3.2.4 First()、Last()实现分析
前面看了定位到具体某个key的一个过程,现在我们看一下,在定位到第一个元素时,我们知道它一定是位于最左侧的第一个叶子节点的第一个元素。同理,在定位到最后一个元素时,它一定是位于最右侧的第一个叶子节点的最后一个元素。下面是其内部的实现逻辑:
First()实现
// First moves the cursor to the first item in the bucket and returns its key and value.
// If the bucket is empty then a nil key and value are returned.
// The returned key and value are only valid for the life of the transaction.
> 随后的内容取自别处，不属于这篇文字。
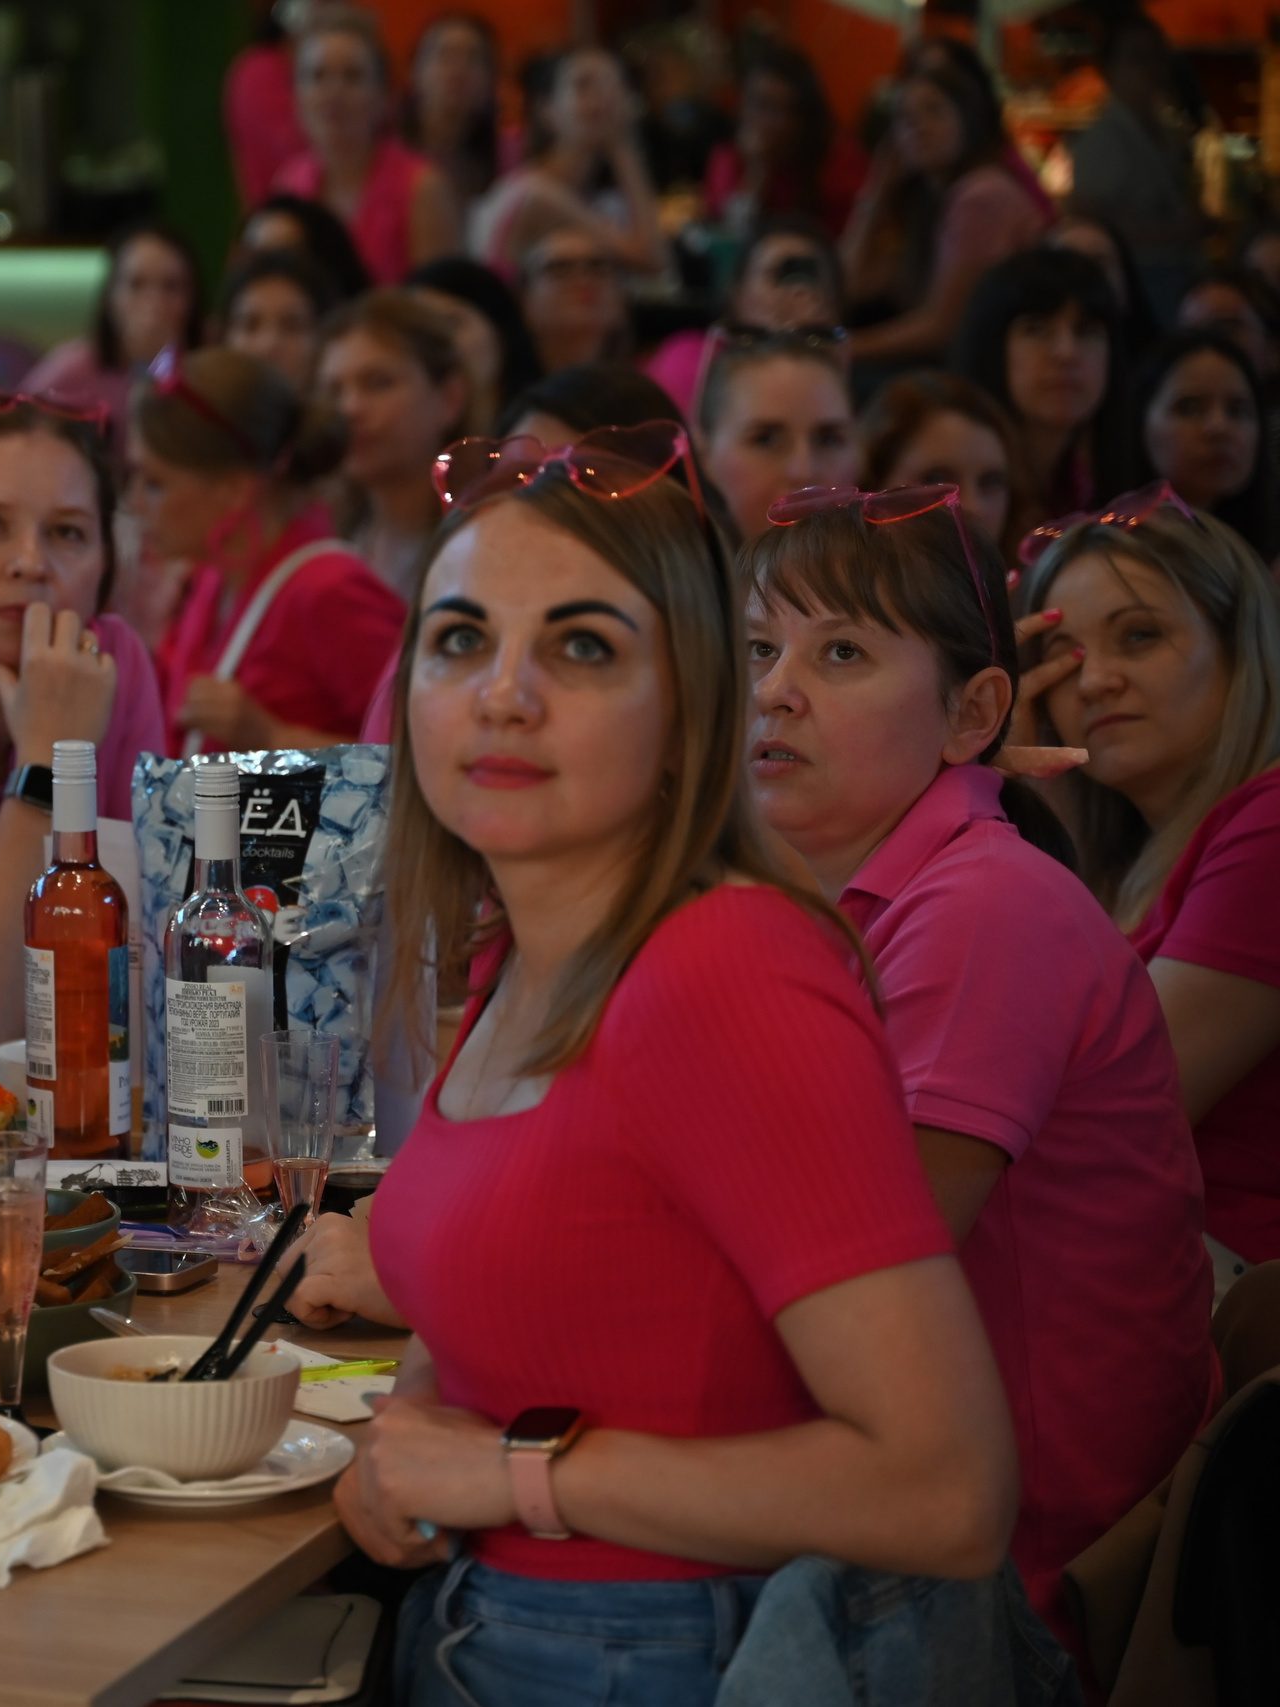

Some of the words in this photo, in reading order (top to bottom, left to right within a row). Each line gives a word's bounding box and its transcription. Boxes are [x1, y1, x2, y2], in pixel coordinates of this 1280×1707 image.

[240, 787, 307, 839] ЁД
[242, 847, 295, 859] cocktails
[209, 1010, 241, 1019] ПОРТУГАЛИЯ
[189, 1018, 208, 1027] УРОЖАЯ
[208, 1020, 220, 1028] 2023
[170, 1133, 191, 1146] VINHO
[171, 1142, 193, 1159] VERDE
func (c *Cursor) First() (key []byte, value []byte) {
_assert(c.bucket.tx.db != nil, "tx closed")
// 清空stack
c.stack = c.stack[:0]
p, n := c.bucket.pageNode(c.bucket.root)
// 一直找到第一个叶子节点,此处在天添加stack时,一直让index设置为0即可
ref := elemRef{page: p, node: n, index: 0}
c.stack = append(c.stack, ref)
c.first()
// If we land on an empty page then move to the next value.
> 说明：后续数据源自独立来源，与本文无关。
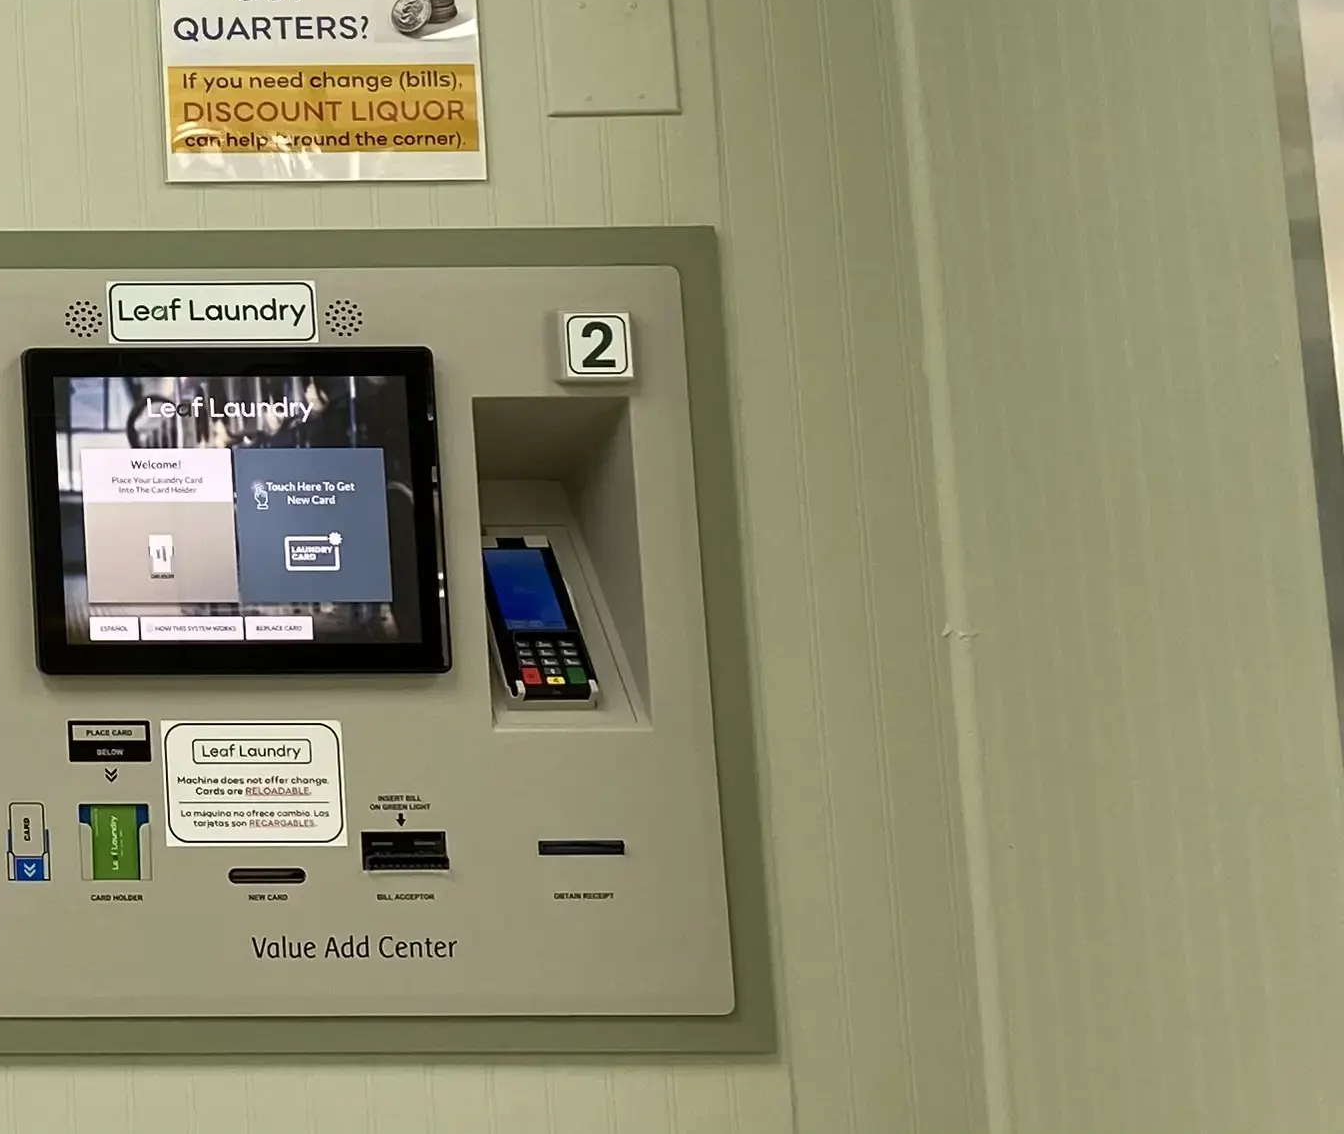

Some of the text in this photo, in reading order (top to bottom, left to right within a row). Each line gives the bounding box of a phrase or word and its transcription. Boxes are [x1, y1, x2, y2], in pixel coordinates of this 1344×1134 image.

[173, 15, 369, 42] QUARTERS?
[182, 70, 463, 93] If you need change (bills),
[183, 100, 464, 123] DISCOUNT LIQUOR
[185, 135, 221, 147] can
[226, 132, 268, 151] help
[275, 131, 350, 149] round
[355, 131, 388, 147] the
[117, 297, 307, 327] Leaf Laundry
[581, 320, 617, 369] 2
[209, 396, 314, 423] Laundry
[130, 460, 181, 470] Welcome!
[265, 481, 355, 492] Touch Here To Get
[287, 495, 336, 505] New Card
[291, 553, 317, 561] CARD
[201, 744, 301, 760] Leaf Laundry
[177, 776, 329, 786] Machine does not offer change.
[195, 787, 225, 795] Cards
[245, 787, 312, 796] RELOADABLE.
[23, 817, 31, 842] CARD
[251, 935, 458, 959] Value Add Center
// https://github.com/boltdb/bolt/issues/450
// 当前页时空的话,找下一个
if c.stack[len(c.stack)-1].count() == 0 {
c.next()
}
k, v, flags := c.keyValue()
// 是桶
if (flags & uint32(bucketLeafFlag)) != 0 {
return k, nil
}
return k, v
}
// first moves the cursor to the first leaf element under the last page in the stack.
// 找到最后一个非叶子节点的第一个叶子节点。index=0的节点
func (c *Cursor) first() {
for {
// Exit when we hit a leaf page.
var ref = &c.stack[len(c.stack)-1]
if ref.isLeaf() {
break
}
// Keep adding pages pointing to the first element to the stack.
var pgid pgid
if ref.node != nil {
pgid = ref.node.inodes[ref.index].pgid
} else {
pgid = ref.page.branchPageElement(uint16(ref.index)).pgid
}
p, n := c.bucket.pageNode(pgid)
c.stack = append(c.stack, elemRef{page: p, node: n, index: 0})
}
}
Last()实现
// Last moves the cursor to the last item in the bucket and returns its key and value.
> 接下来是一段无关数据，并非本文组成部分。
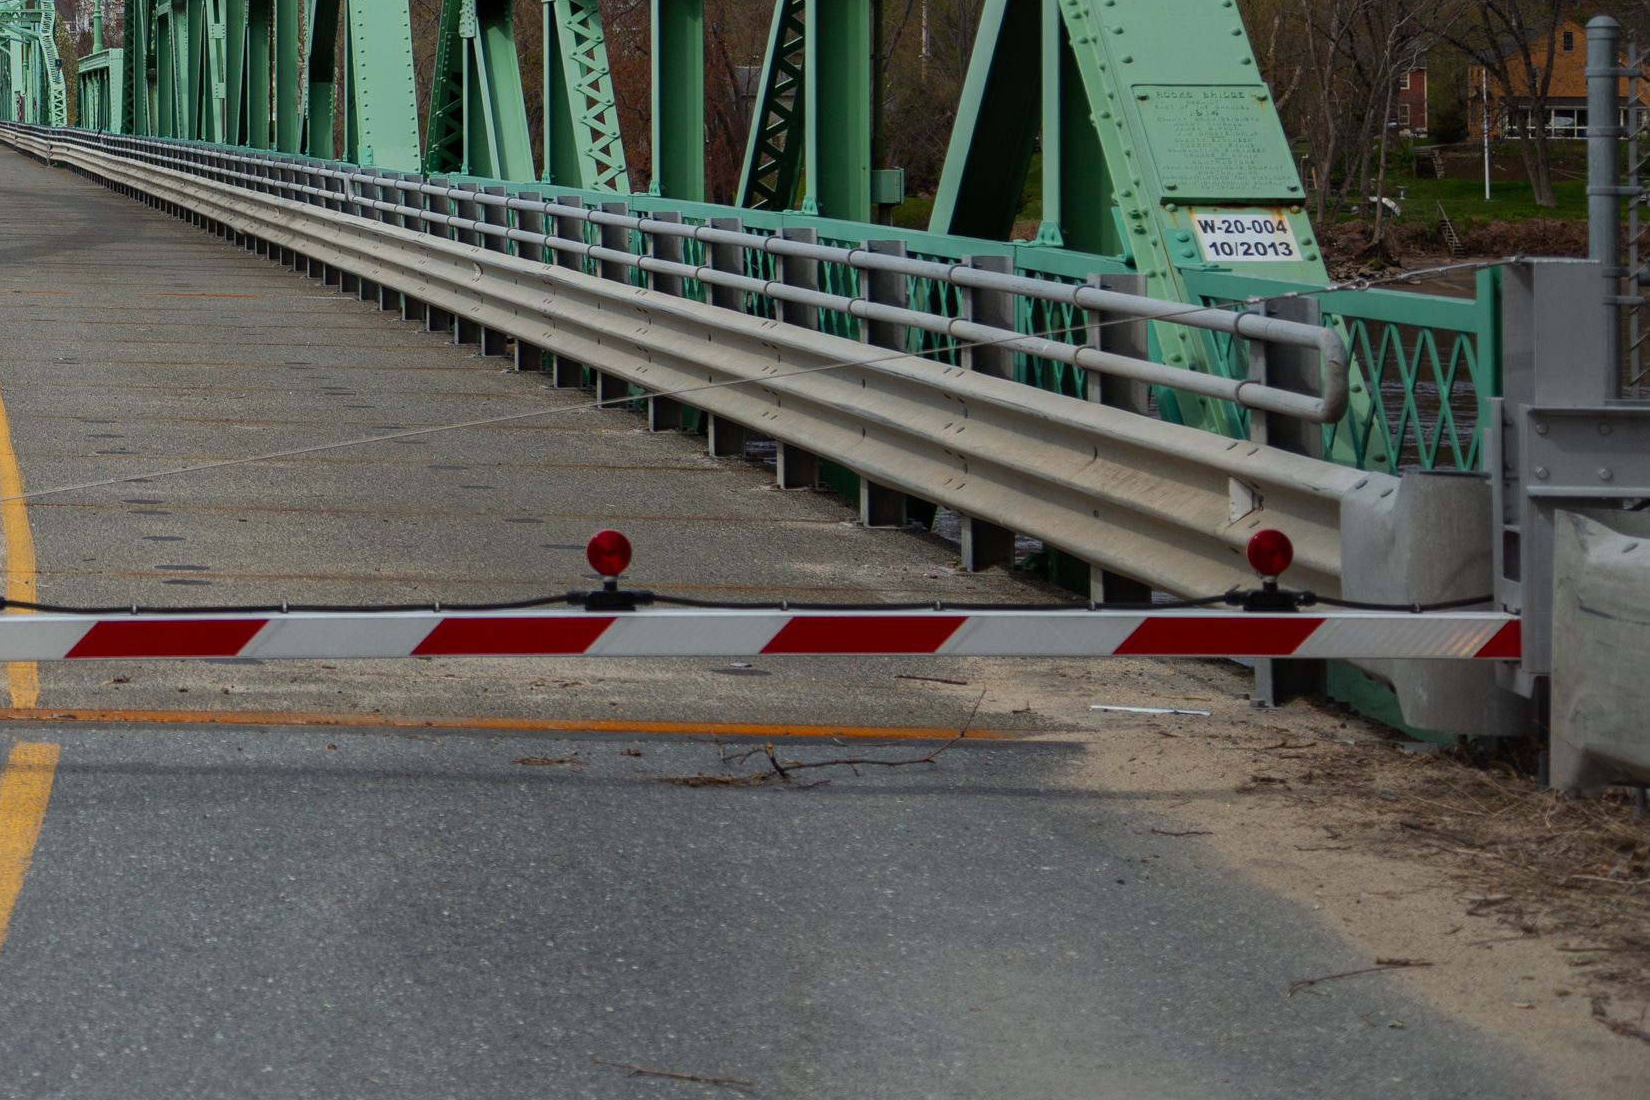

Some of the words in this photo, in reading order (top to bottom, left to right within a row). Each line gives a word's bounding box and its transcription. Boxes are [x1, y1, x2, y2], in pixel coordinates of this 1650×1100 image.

[1156, 91, 1193, 99] ROCKS
[1203, 91, 1245, 99] BRIDGE
[1198, 219, 1288, 234] W-20-004
[1209, 241, 1294, 257] 10/2013
// If the bucket is empty then a nil key and value are returned.
// The returned key and value are only valid for the life of the transaction.
func (c *Cursor) Last() (key []byte, value []byte) {
_assert(c.bucket.tx.db != nil, "tx closed")
c.stack = c.stack[:0]
p, n := c.bucket.pageNode(c.bucket.root)
ref := elemRef{page: p, node: n}
// 设置其index为当前页元素的最后一个
ref.index = ref.count() - 1
c.stack = append(c.stack, ref)
c.last()
k, v, flags := c.keyValue()
if (flags & uint32(bucketLeafFlag)) != 0 {
return k, nil
}
return k, v
}
// last moves the cursor to the last leaf element under the last page in the stack.
// 移动到栈中最后一个节点的最后一个叶子节点
func (c *Cursor) last() {
for {
// Exit when we hit a leaf page.
ref := &c.stack[len(c.stack)-1]
if ref.isLeaf() {
break
}
// Keep adding pages pointing to the last element in the stack.
var pgid pgid
if ref.node != nil {
pgid = ref.node.inodes[ref.index].pgid
} else {
pgid = ref.page.branchPageElement(uint16(ref.index)).pgid
}
p, n := c.bucket.pageNode(pgid)
var nextRef = elemRef{page: p, node: n}
nextRef.index = nextRef.count() - 1
c.stack = append(c.stack, nextRef)
}
}
3.2.5 Next()、Prev()实现分析
再此我们从当前位置查找前一个或者下一个时,需要注意一个问题,如果当前节点中元素已经完了,那么此时需要回退到遍历路径的上一个节点。然后再继续查找,下面进行代码分析。
Next()分析
// Next moves the cursor to the next item in the bucket and returns its key and value.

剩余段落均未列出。